Individual prediction

since

\[ \begin{align} (Y_0-\hat{Y}_0)& \sim N \left(\mu_{(Y_0-\hat{Y}_0)},\sigma^2_{(Y_0-\hat{Y}_0)} \right)\\ (Y_0-\hat{Y}_0)& \sim N \left(0, \sigma^2 \left(1+ \frac{1}{n}+ \frac{(X_0-\bar{X})^2}{\sum{x_i^2}} \right) \right) \end{align} \]

and Construct t statistic \[ \begin{align} t_{\hat{Y}_0}& =\frac{\hat{Y}_0-E(Y|X_0)}{S_{\hat{Y}_0}} \sim t(n-2) \end{align} \]
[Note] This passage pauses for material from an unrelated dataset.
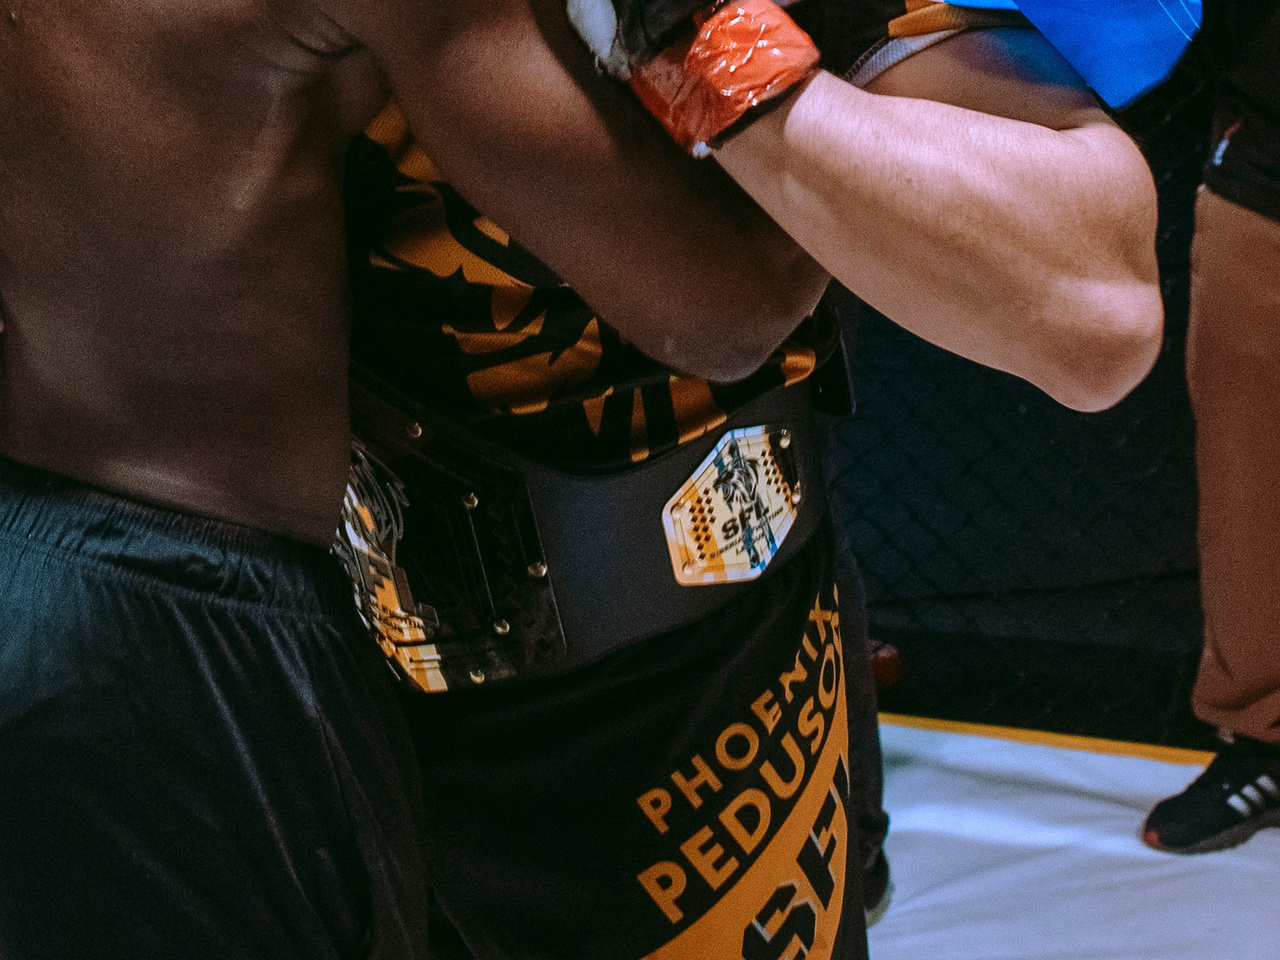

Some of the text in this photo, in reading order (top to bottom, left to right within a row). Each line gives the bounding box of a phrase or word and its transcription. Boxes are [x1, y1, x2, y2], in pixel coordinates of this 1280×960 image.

[721, 503, 770, 541] SFL
[635, 592, 833, 836] PHOENIX
[740, 750, 851, 960] SF
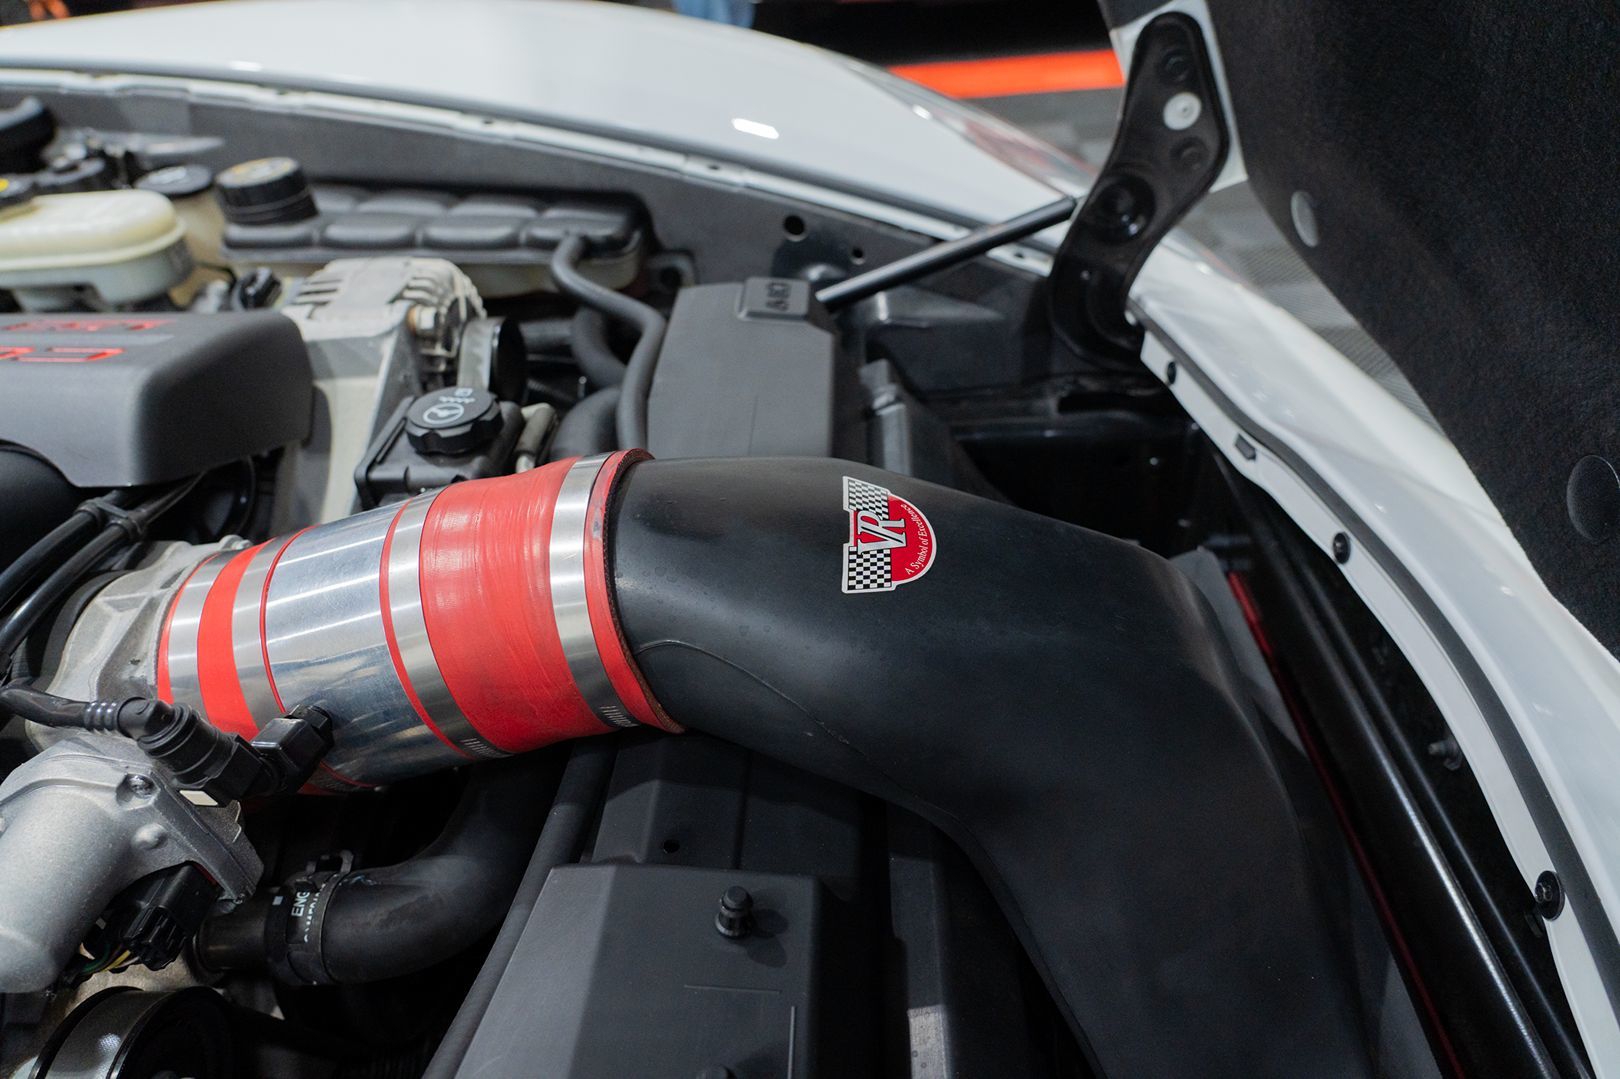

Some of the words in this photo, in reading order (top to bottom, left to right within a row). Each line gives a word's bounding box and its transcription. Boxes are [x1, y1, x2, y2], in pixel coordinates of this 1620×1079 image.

and \[ \begin{align} S_{\hat{Y}_0}& = \sqrt{\hat{\sigma}^2 \left( \frac{1}{n}+ \frac{(X_0-\bar{X})^2}{\sum{x_i^2}} \right)} \end{align} \] therefore

\[ \begin{align} \hat{Y}_0-t_{1-\alpha/2}(n-2) \cdot S_{\hat{Y}_0} \leq E(Y|X_0) \leq \hat{Y}_0+t_{1-\alpha/2}(n-2) \cdot S_{\hat{Y}_0} \end{align} \]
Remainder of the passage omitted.